OCD is difficult for individual’s family, friends

Obsessive compulsive disorder, otherwise known as OCD, can affect individuals of any age. It is considered an anxiety disorder causing unwanted excessive thoughts, ideas or sensations that are termed obsessions and repetitive behaviors that are called compulsions.

Living with OCD negatively affects a person’s daily life because the obsessions/compulsions impact day-to-day tasks. OCD also causes a significant level of stress because of the obsessive thoughts and compulsive behaviors that the individual believes must be performed in order to feel a sense of relief or calmness. Children and teenagers may not be aware of the excessiveness of their compulsions and obsessions. Although living with this disorder is difficult for the individual, it is also extremely difficult and frustrating for those who serve as the support system of the diagnosed individual.

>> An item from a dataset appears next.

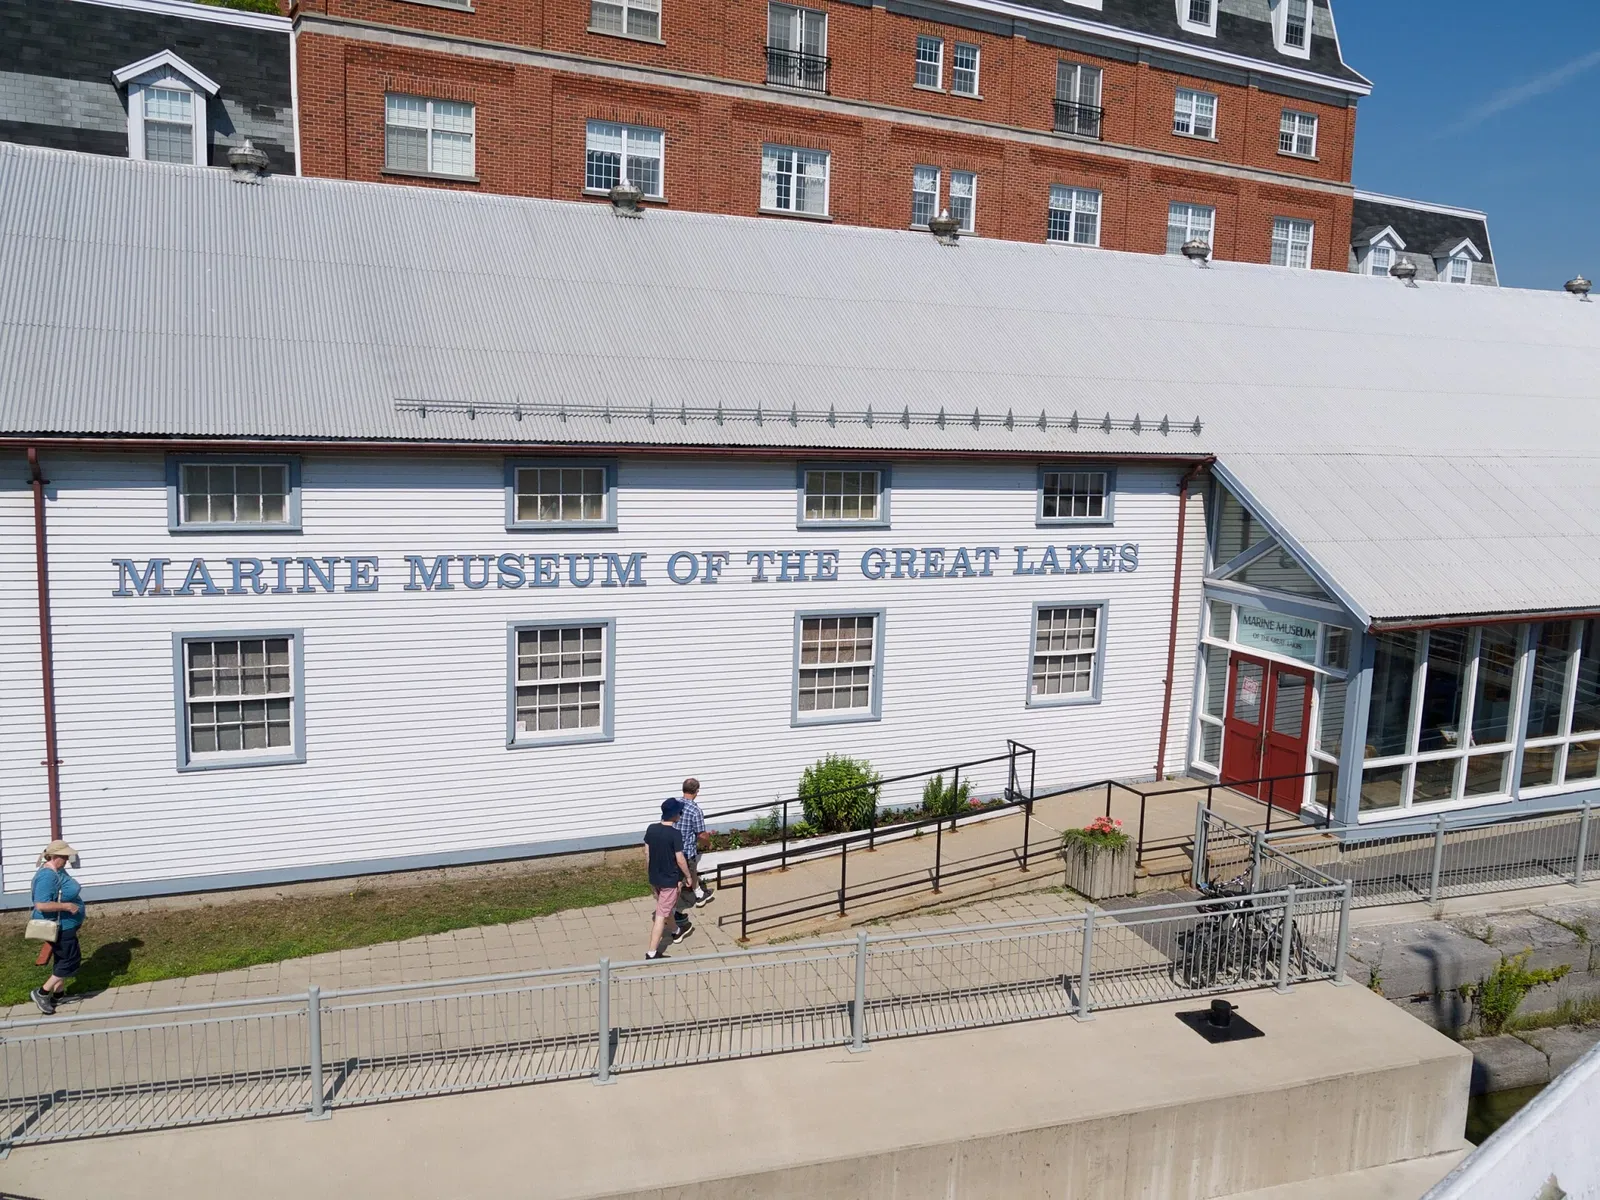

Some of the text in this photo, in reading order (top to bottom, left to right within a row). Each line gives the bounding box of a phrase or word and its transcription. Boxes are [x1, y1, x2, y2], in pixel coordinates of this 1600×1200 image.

It can be hard to comprehend why someone cannot stop the compulsions or stop obsessing over ideas and control their thoughts. Individuals diagnosed with OCD usually are aware that their thoughts are irrational and unrealistic. However, at times the main struggle comes from being aware that the obsessive illogical thoughts are just that; yet being overpowered when trying to transfer their thoughts/actions causes a cycle of confusion and guilt. Common obsessions can be related to contamination, harm and symmetry; the most common compulsions are cleaning, repetition, checking and arranging.

Helpful reminders for those who serve as a support system for individuals with OCD, according to Helpguide.org.

–avoid making personal criticisms,

–do not scold or tell them to stop performing rituals,

–be as kind and patient as possible,

–do not play along with the rituals,

–keep communication positive and clear,

–find the humor,

–do not let OCD take over family life.

Here are a few tips when dealing with OCD, according to Helpguide.org.

–Resist rituals: do not avoid fears; anticipate urges; refocus attention.

–Challenge obsessive thoughts: write them down; create OCD worry period; relabel, reattribute, refocus, revalue.

–Make lifestyle changes that may ease anxiety: exercise regularly; get enough sleep; avoid alcohol and nicotine; practice relaxation techniques.

–Use a support system: stay connected to family and friends; join a support group.

— Professional treatment: individual, group, family therapy; medication.